TASK TO COMPLETE
A word-for-word copy of the records below is needed, without the images.

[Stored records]
- Opening Delimiter -

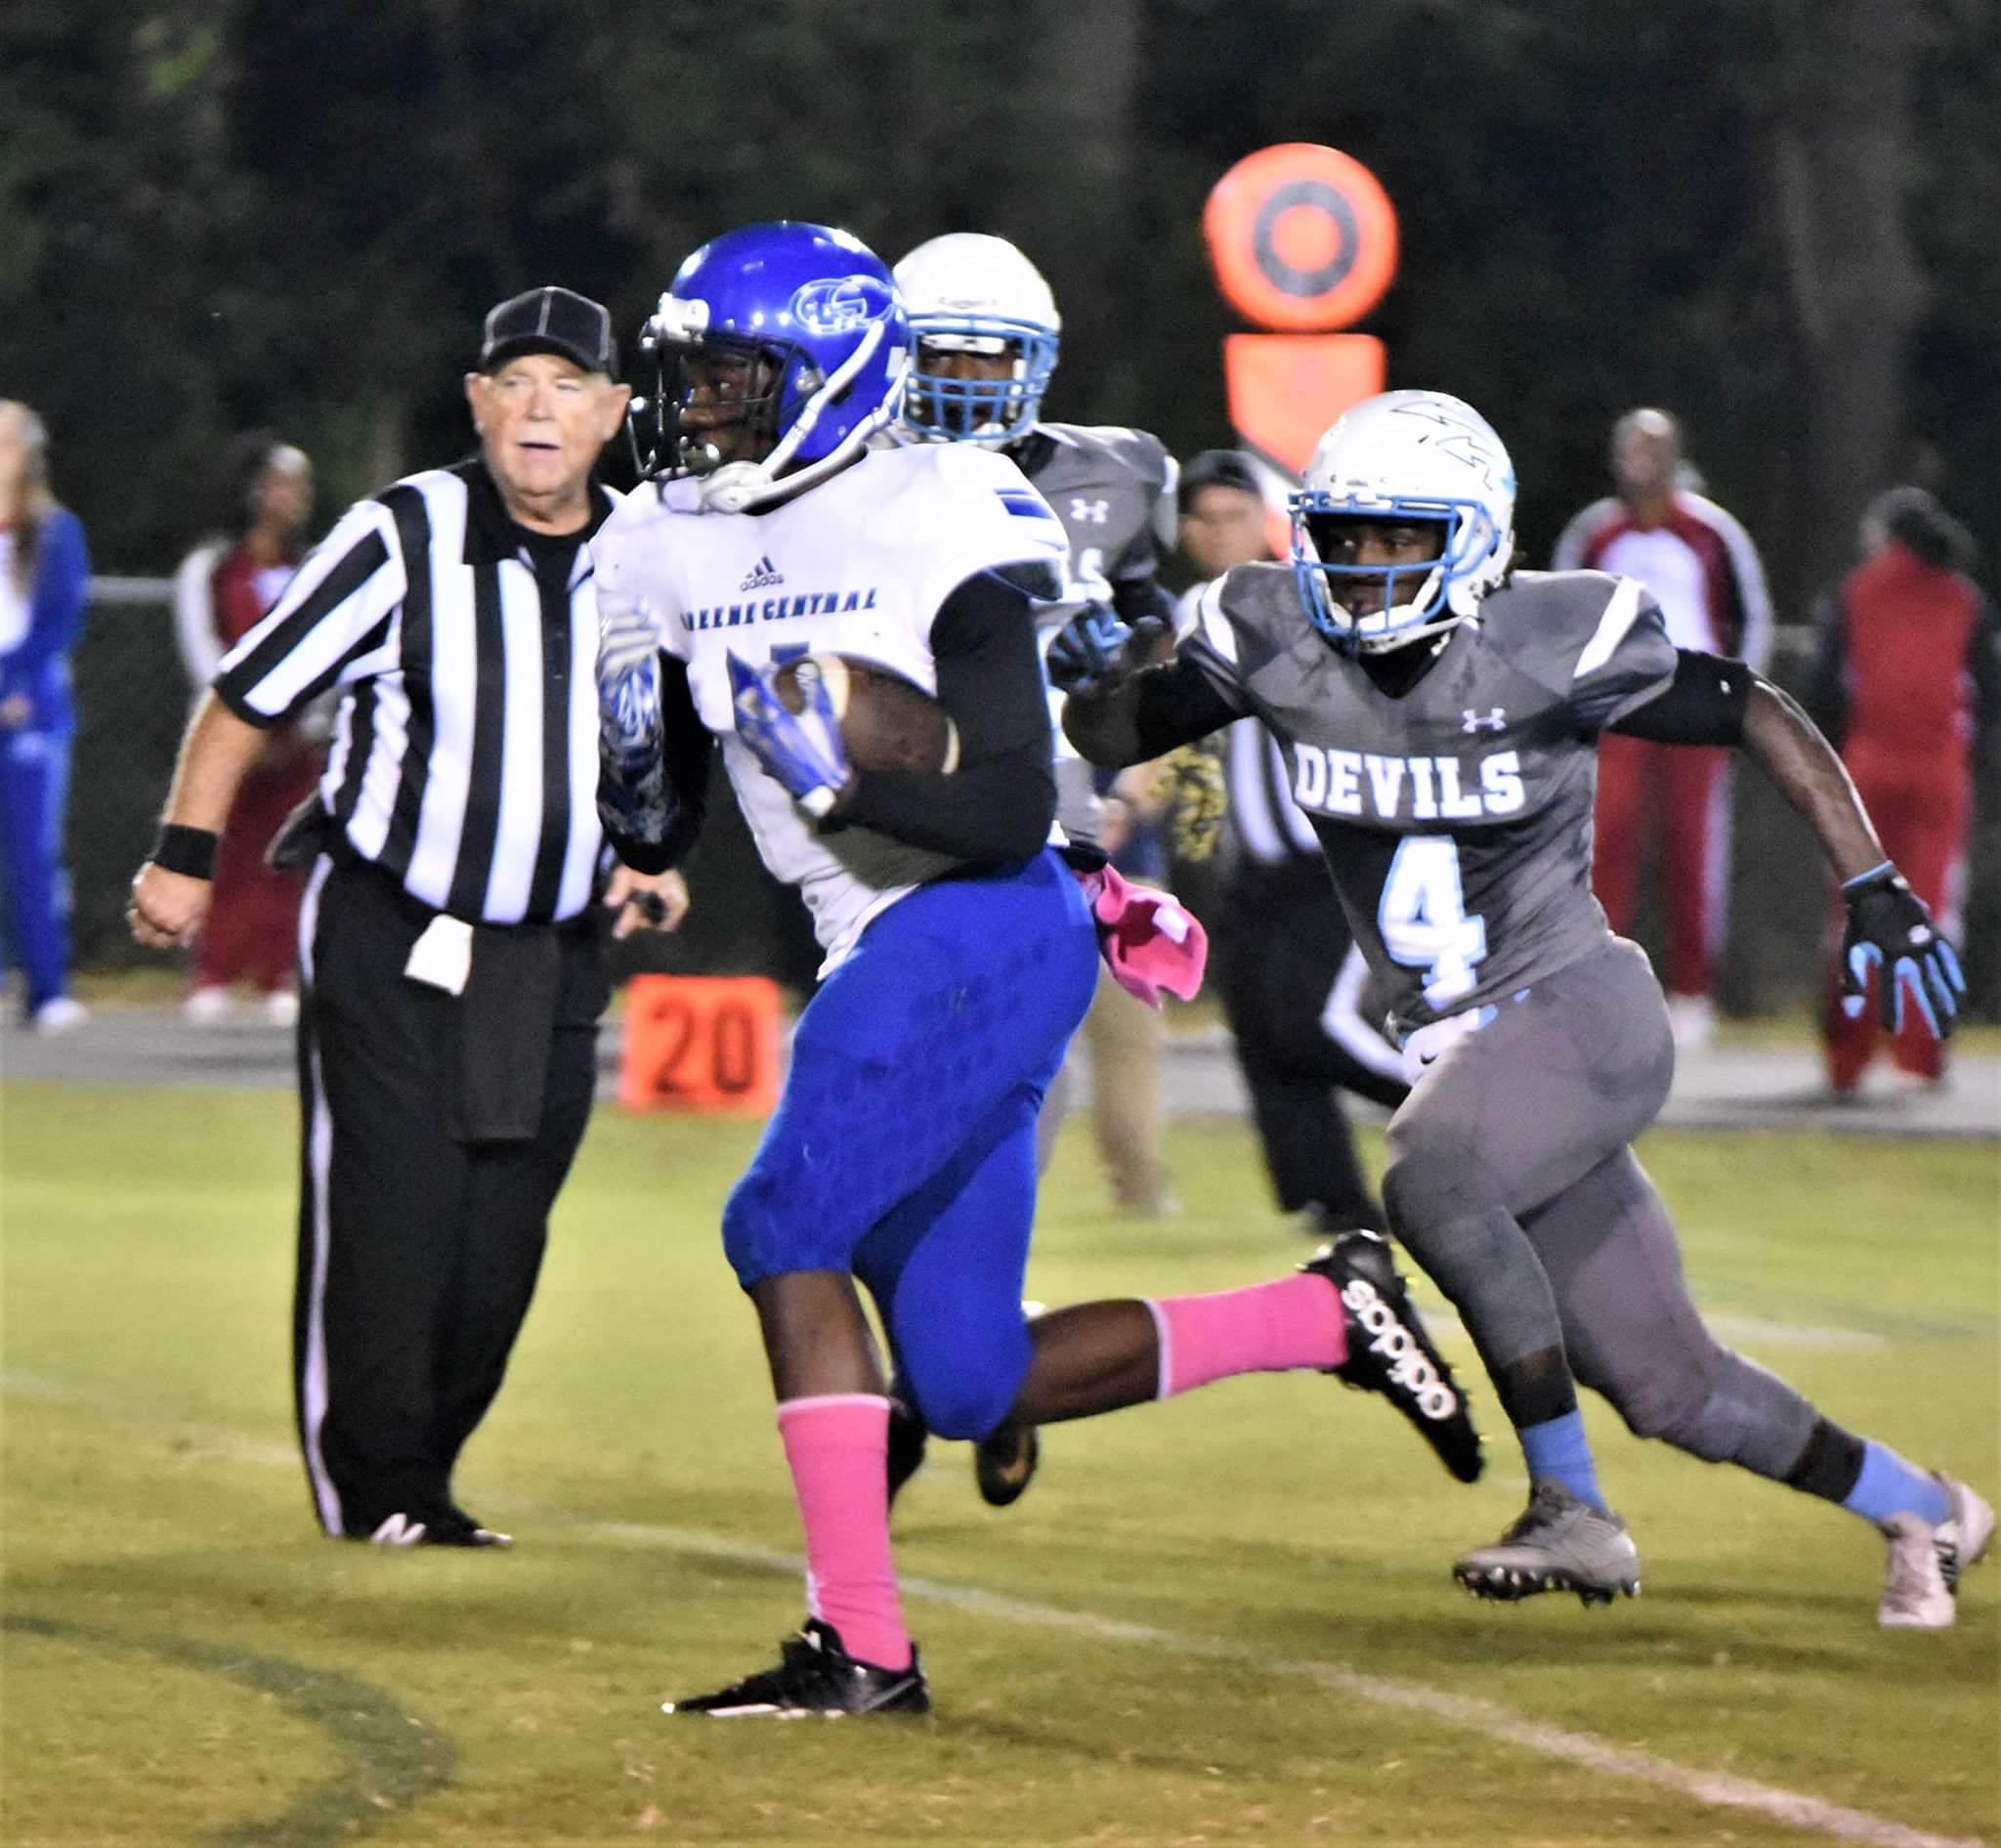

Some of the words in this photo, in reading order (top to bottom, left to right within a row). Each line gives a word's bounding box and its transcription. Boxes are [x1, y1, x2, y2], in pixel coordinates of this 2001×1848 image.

[740, 573, 785, 592] adidas
[762, 587, 877, 621] CENTRAL
[1292, 742, 1525, 820] DEVILS
[1376, 834, 1488, 1012] 4
[651, 996, 754, 1095] 20
[1341, 1279, 1458, 1421] adidas
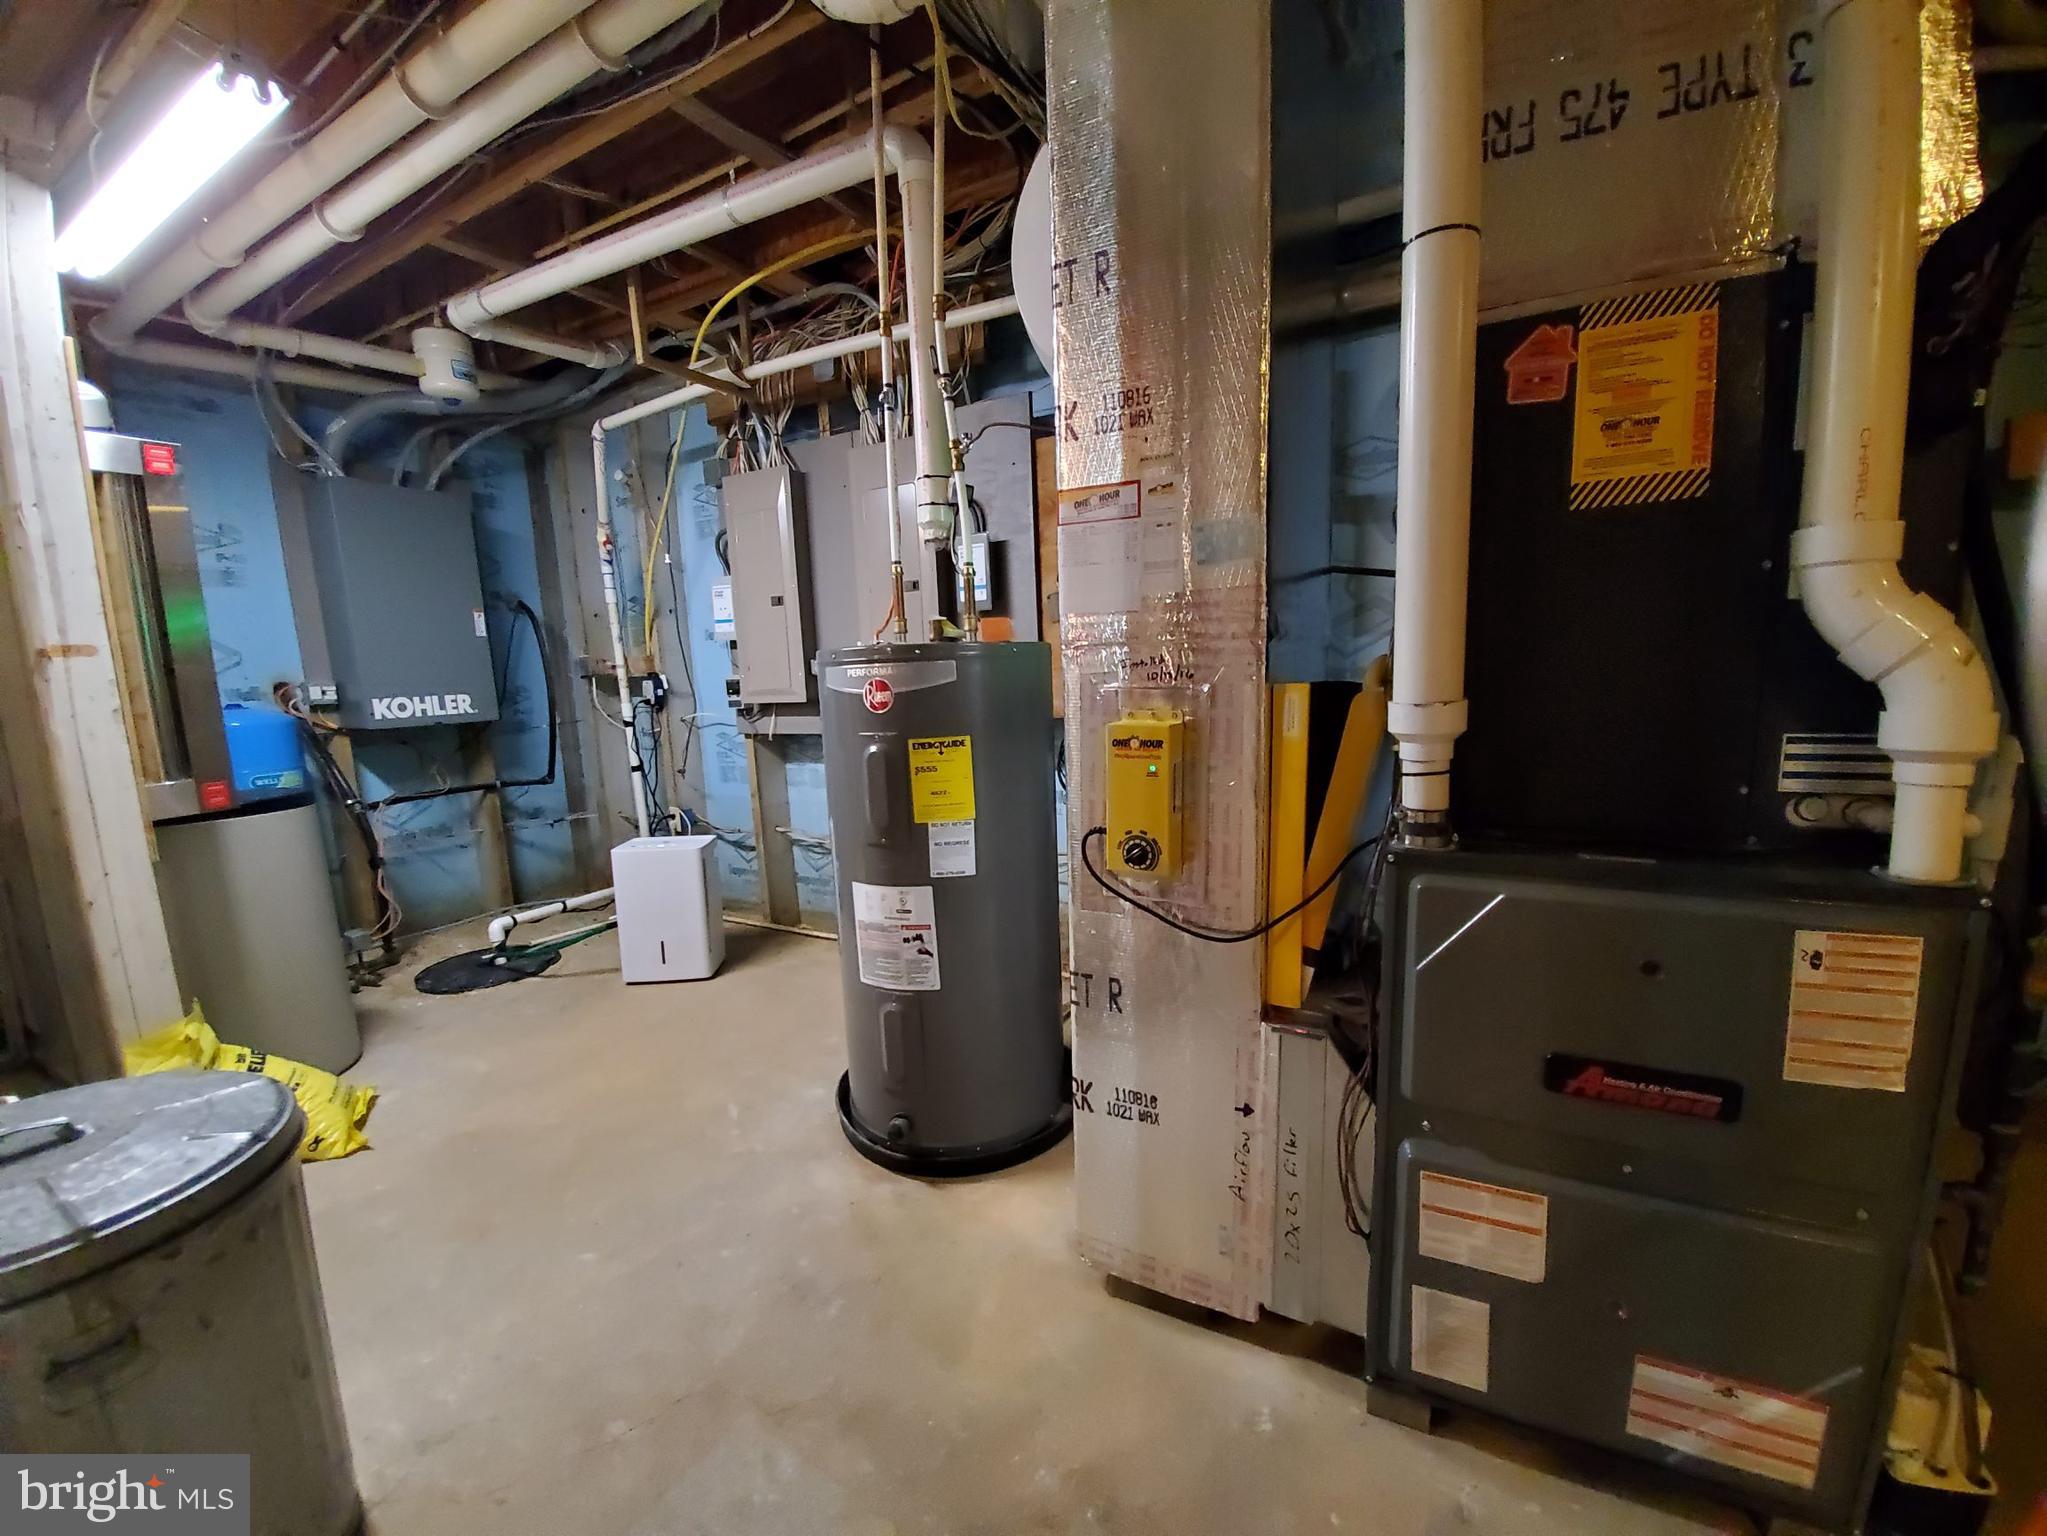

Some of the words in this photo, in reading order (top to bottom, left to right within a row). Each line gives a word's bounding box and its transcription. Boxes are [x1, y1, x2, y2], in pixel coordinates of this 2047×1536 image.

[1658, 44, 1760, 120] TYPE
[1560, 78, 1631, 142] 475
[371, 694, 474, 720] KOHLER
[1111, 738, 1130, 749] ONE
[1139, 738, 1164, 750] HOUR
[1108, 976, 1123, 1015] R
[1107, 1101, 1134, 1121] 1021

- Closing Delimiter -

RESULT FOR THIS TASK
Some of the words in this photo, in reading order (top to bottom, left to right within a row). Each line gives a word's bounding box and its transcription. Boxes are [x1, y1, x2, y2], in pixel coordinates of this 2001×1848 image.

[740, 573, 785, 592] adidas
[762, 587, 877, 621] CENTRAL
[1292, 742, 1525, 820] DEVILS
[1376, 834, 1488, 1012] 4
[651, 996, 754, 1095] 20
[1341, 1279, 1458, 1421] adidas

Some of the words in this photo, in reading order (top to bottom, left to right within a row). Each line gives a word's bounding box and its transcription. Boxes are [x1, y1, x2, y2], in pixel coordinates of this 2047×1536 image.

[1658, 44, 1760, 120] TYPE
[1560, 78, 1631, 142] 475
[371, 694, 474, 720] KOHLER
[1111, 738, 1130, 749] ONE
[1139, 738, 1164, 750] HOUR
[1108, 976, 1123, 1015] R
[1107, 1101, 1134, 1121] 1021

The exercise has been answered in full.